This fund is targeted only for situations where Microsoft may lose to Linux, no other. It is specifically targeted to kill Linux at any cost. You didn't have a problem with the large trucking companies driving independents out of business using the same system? In government contracting, such a fund may be illegal, at least as the pricing rules were explained to me while working at a few Fortune 100 IT contracting companies.
I'm sure someone could dumb down the requirements for office software bidding so that OpenOffice meets the criteria.

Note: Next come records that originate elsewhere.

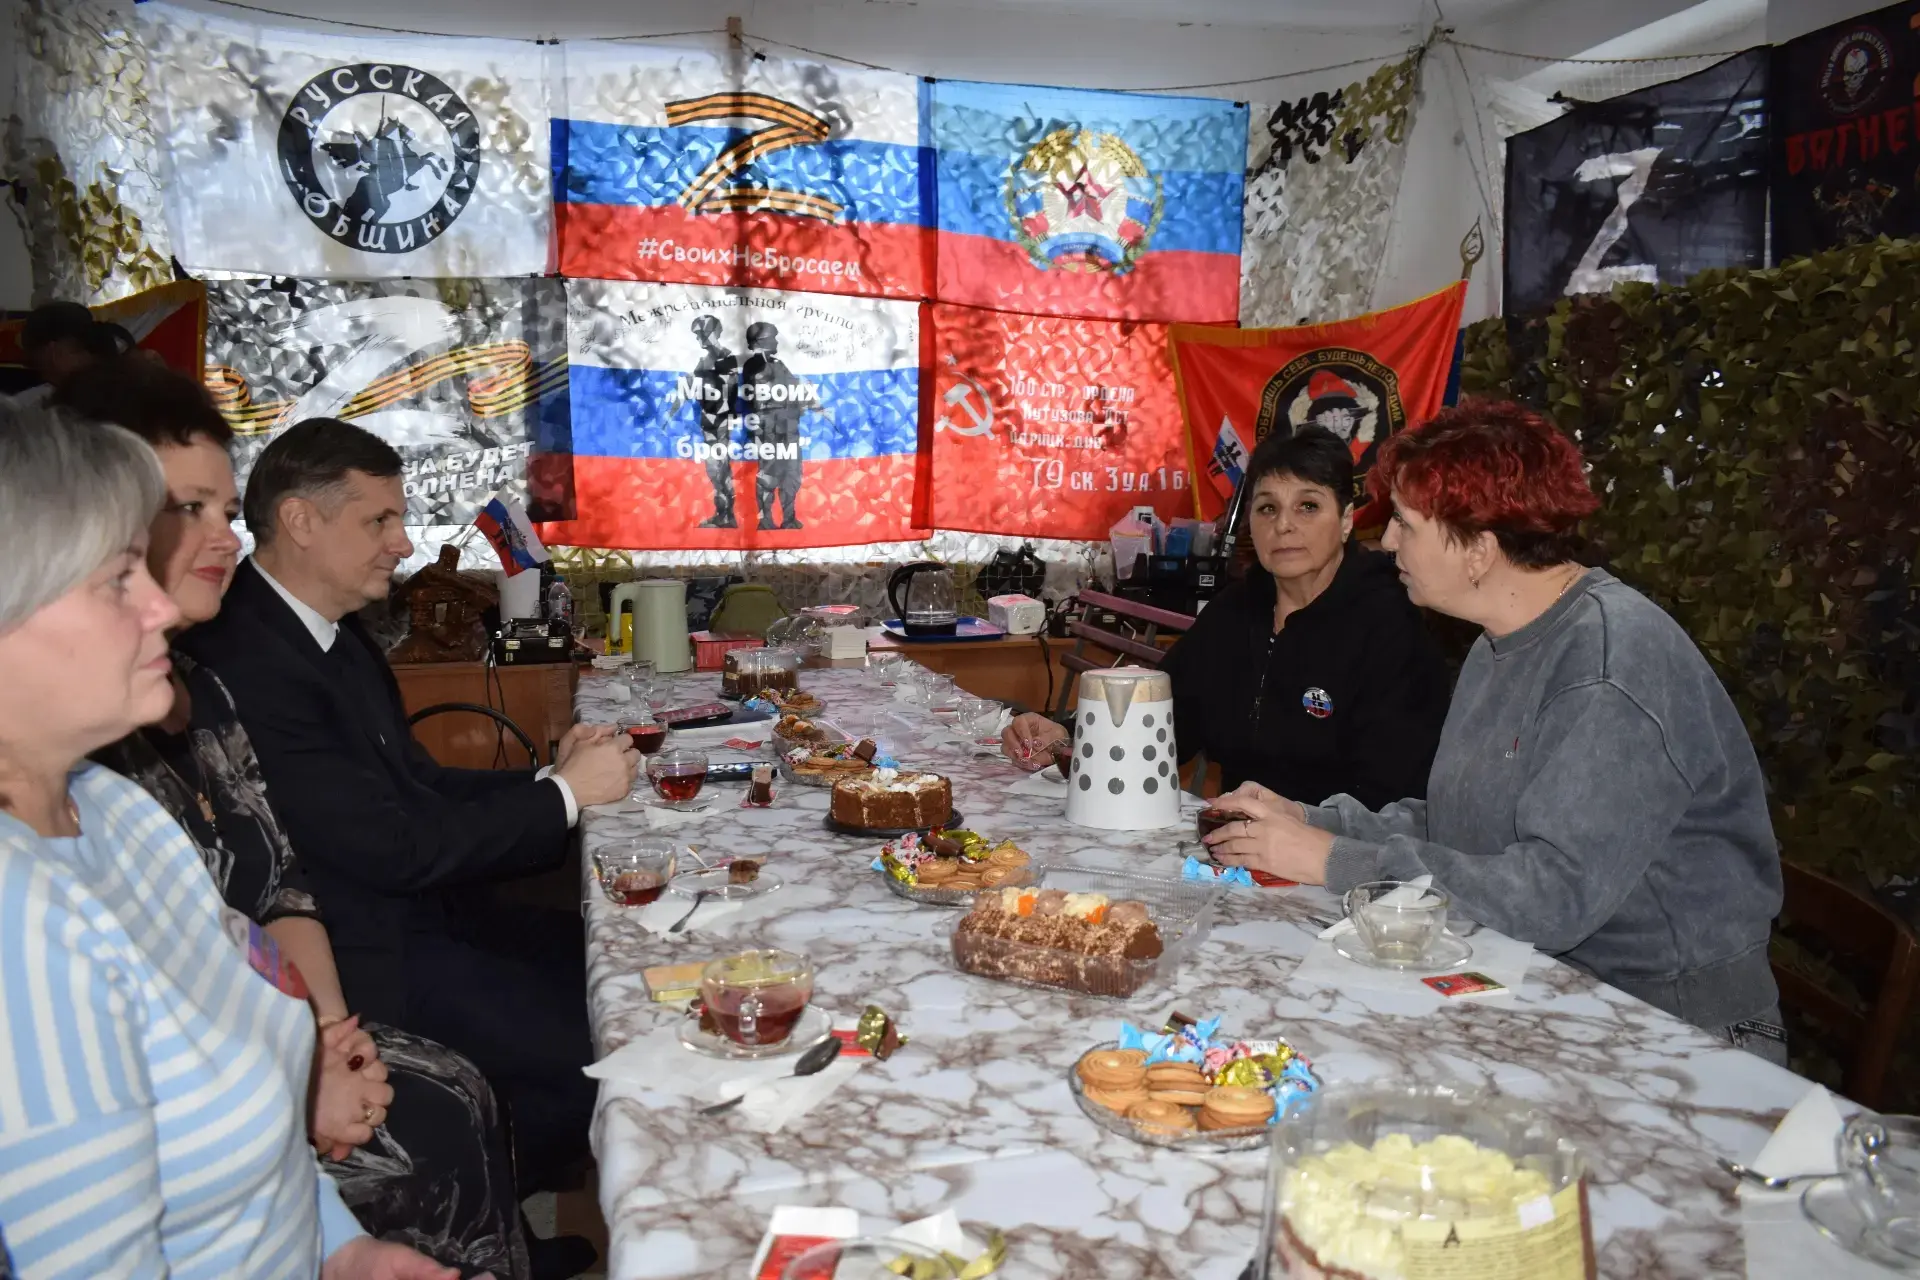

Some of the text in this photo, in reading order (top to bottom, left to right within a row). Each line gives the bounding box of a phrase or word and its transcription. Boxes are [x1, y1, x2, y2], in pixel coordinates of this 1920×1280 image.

[290, 65, 471, 129] РУССКАЯ
[1785, 101, 1920, 176] ВАГНЕ
[664, 92, 845, 228] Z
[303, 192, 463, 250] ОБЩИНА
[1563, 147, 1664, 297] Z
[638, 238, 862, 278] #СвоихНеБросаем
[1283, 356, 1312, 379] СЕБЯ
[1318, 350, 1366, 365] БУДЕШЬ
[738, 383, 821, 402] своих
[727, 412, 760, 431] не
[446, 440, 536, 472] БУДЕТ
[1031, 458, 1064, 489] 79
[403, 465, 514, 498] ОЛНЕНА

Show me your average office user, then show me where OpenOffice doesn't meet the requirements, or StarOffice since it's also much cheaper than Office. Most people don't use 90% of what Excel or Word can do. For those few that need it, give it to them. It's the same thing that happens when Windows houses needed abilities that only Macs could do -- you'd find a few Macs running there.
When an employee is pulling down $50K plus benefits, what employer would forego spending a few hundred dollars per year for the tools to make him more productive?

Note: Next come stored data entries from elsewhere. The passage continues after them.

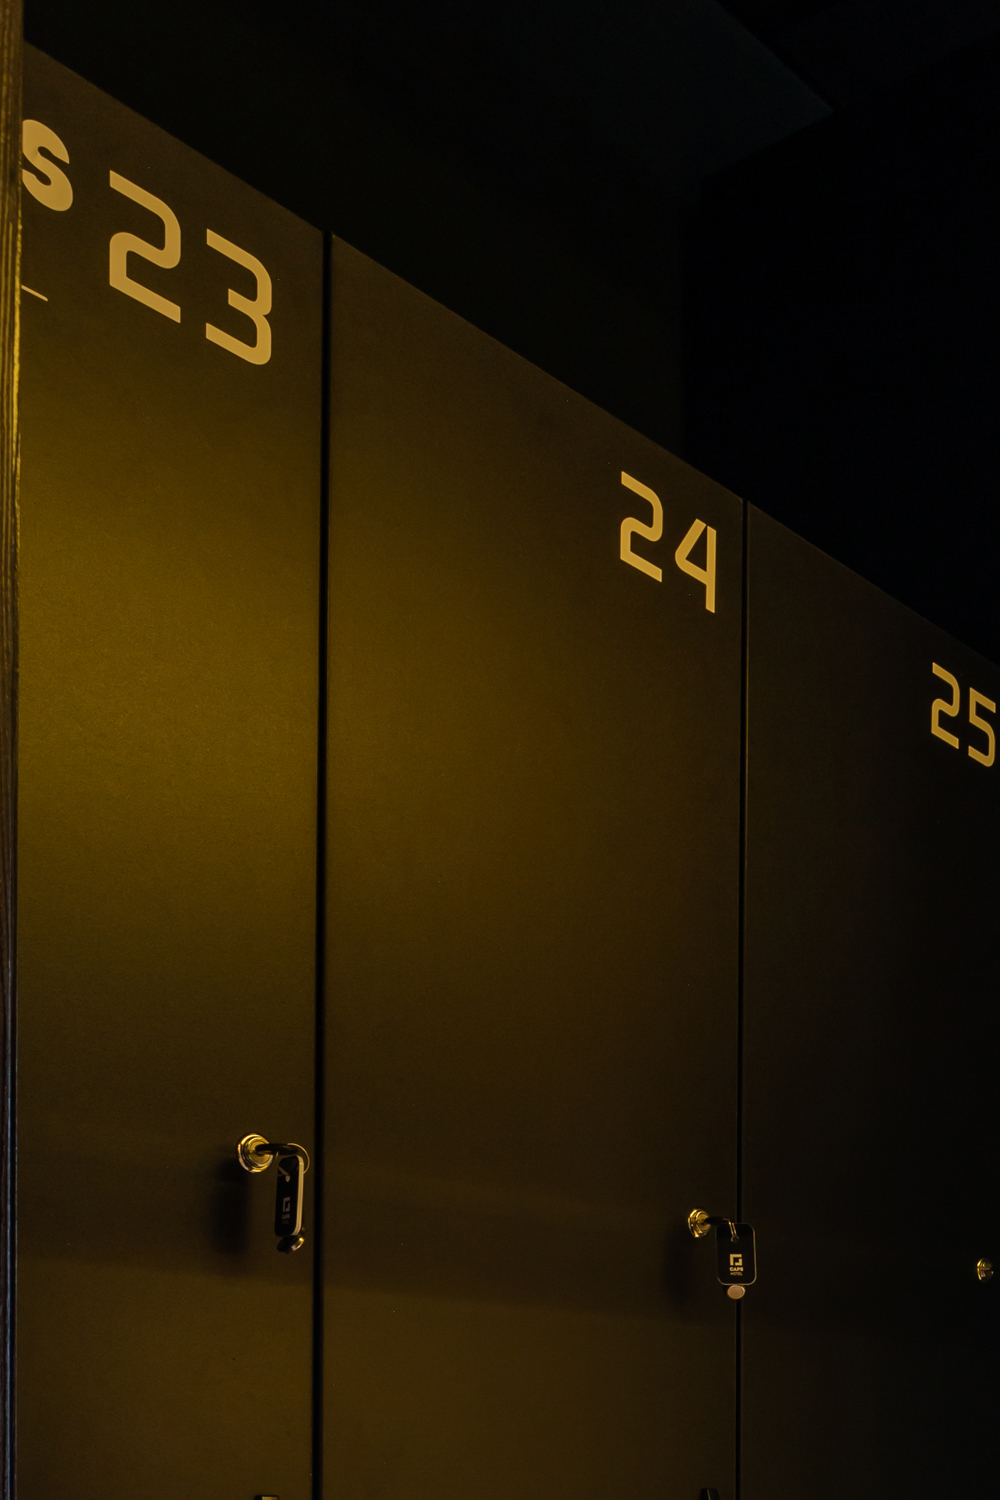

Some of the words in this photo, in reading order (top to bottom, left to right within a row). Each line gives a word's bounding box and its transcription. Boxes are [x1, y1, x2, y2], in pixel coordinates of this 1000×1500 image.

[109, 169, 272, 365] 23
[620, 471, 717, 614] 24
[931, 661, 996, 768] 25
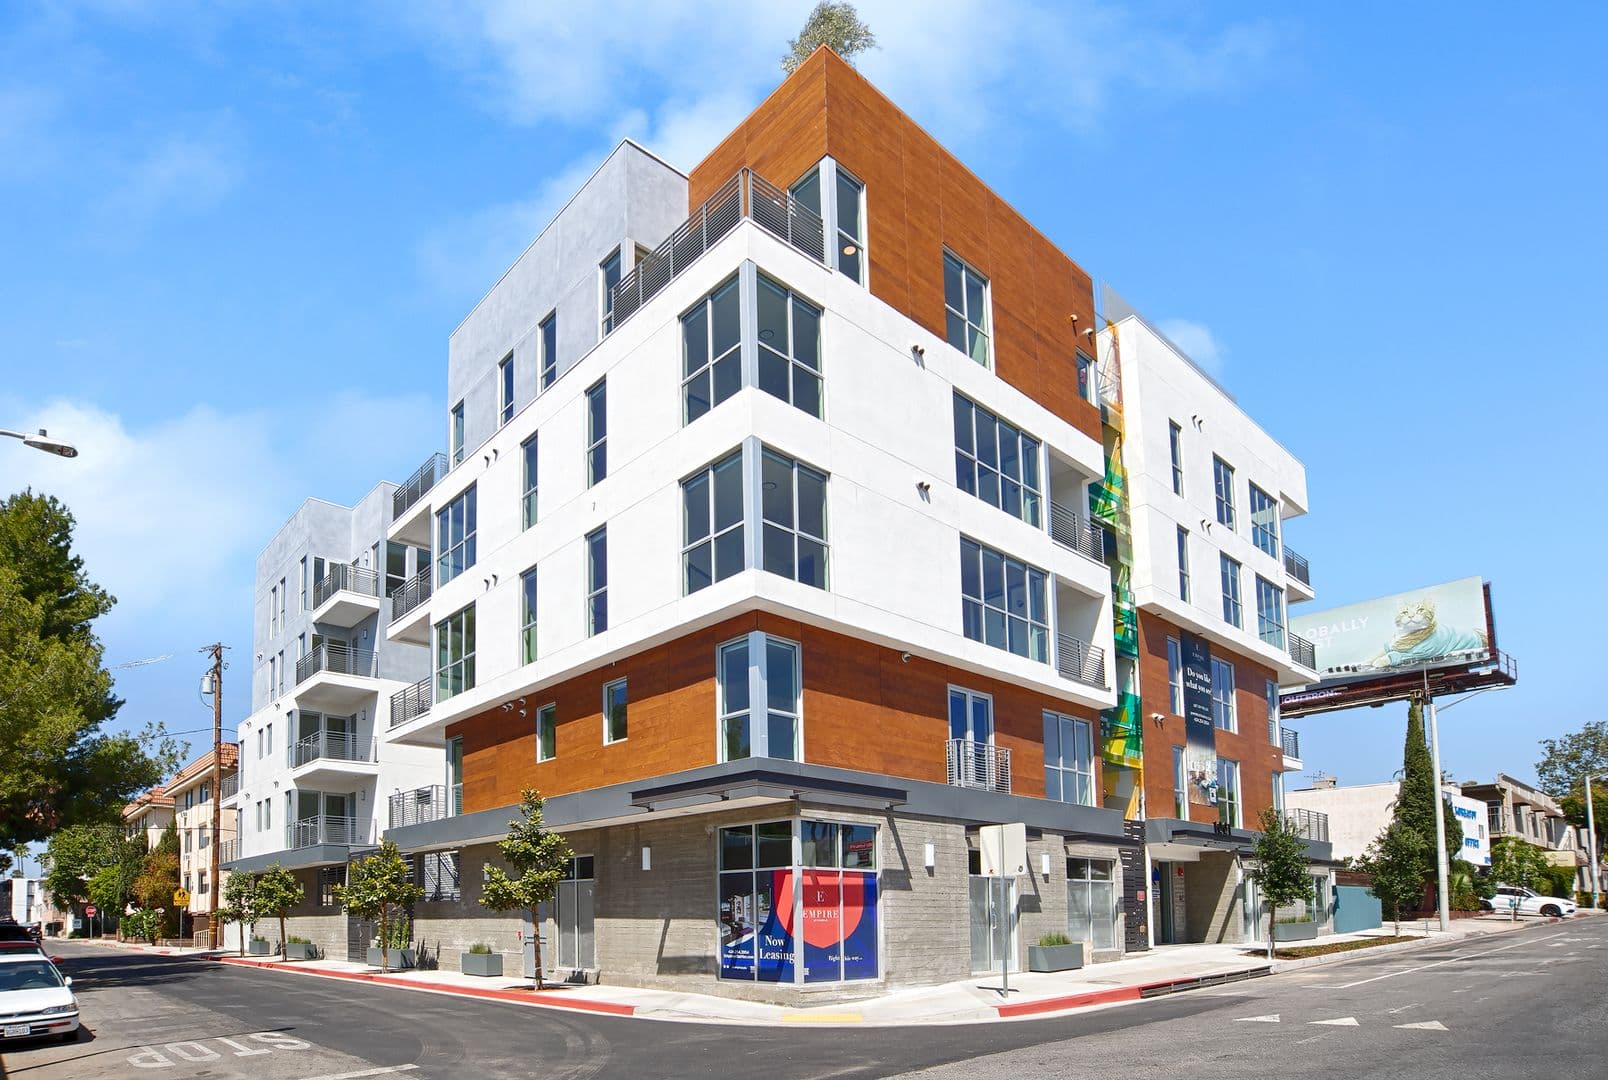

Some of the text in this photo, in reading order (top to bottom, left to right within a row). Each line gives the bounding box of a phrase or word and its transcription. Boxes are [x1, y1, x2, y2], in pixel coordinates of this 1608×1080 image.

[1187, 667, 1195, 677] Do
[1203, 673, 1211, 684] like
[1185, 679, 1198, 690] what
[1284, 689, 1337, 702] OUTFRON
[817, 891, 825, 903] E
[803, 910, 839, 919] EMPIRE
[765, 935, 785, 947] Now
[759, 948, 795, 964] Leasing
[126, 1032, 311, 1068] STOP

Does Excel make the average user more productive? I don't think so, and I use Excel extensively at work and OpenOffice extensively at home. Switching between the two is easy. A few thousand employees times several hundred each in licenses adds up.
Useability, retraining, compatibility, productivity all have their costs & benefits which should be factored into any objective criteria.
You want to know what the biggest training problems were for Largo? "How can I change my desktop background" and "There's no floppy, so how can I take stuff home?" Application-specific training was almost not needed since for the vast majority of people most of these applications work pretty much alike.
Maybe the so-called "average user" only uses 10-20% of the features in Excel. But each "average user" doesn't use the same 10-20% featureset. Hence the need for 100% of the features offered.
Open source zealots always start out with outlandish claims of how superior their software is. But eventually they, like you, fall back on "You really don't need all those extra features that the commercial-grade software offers... and the open source is FREE! Whoopee!"
So much for quality.
Show me your average office user, then show me where OpenOffice doesn't meet the requirements...
Most people I know would rather be sent to the Russian front than be pegged with "average user" status. I've used OpenOffice, and I know its shortcomings firsthand. For one, it won't render any except the most simple Powerpoint slides. Thanks, but no thanks.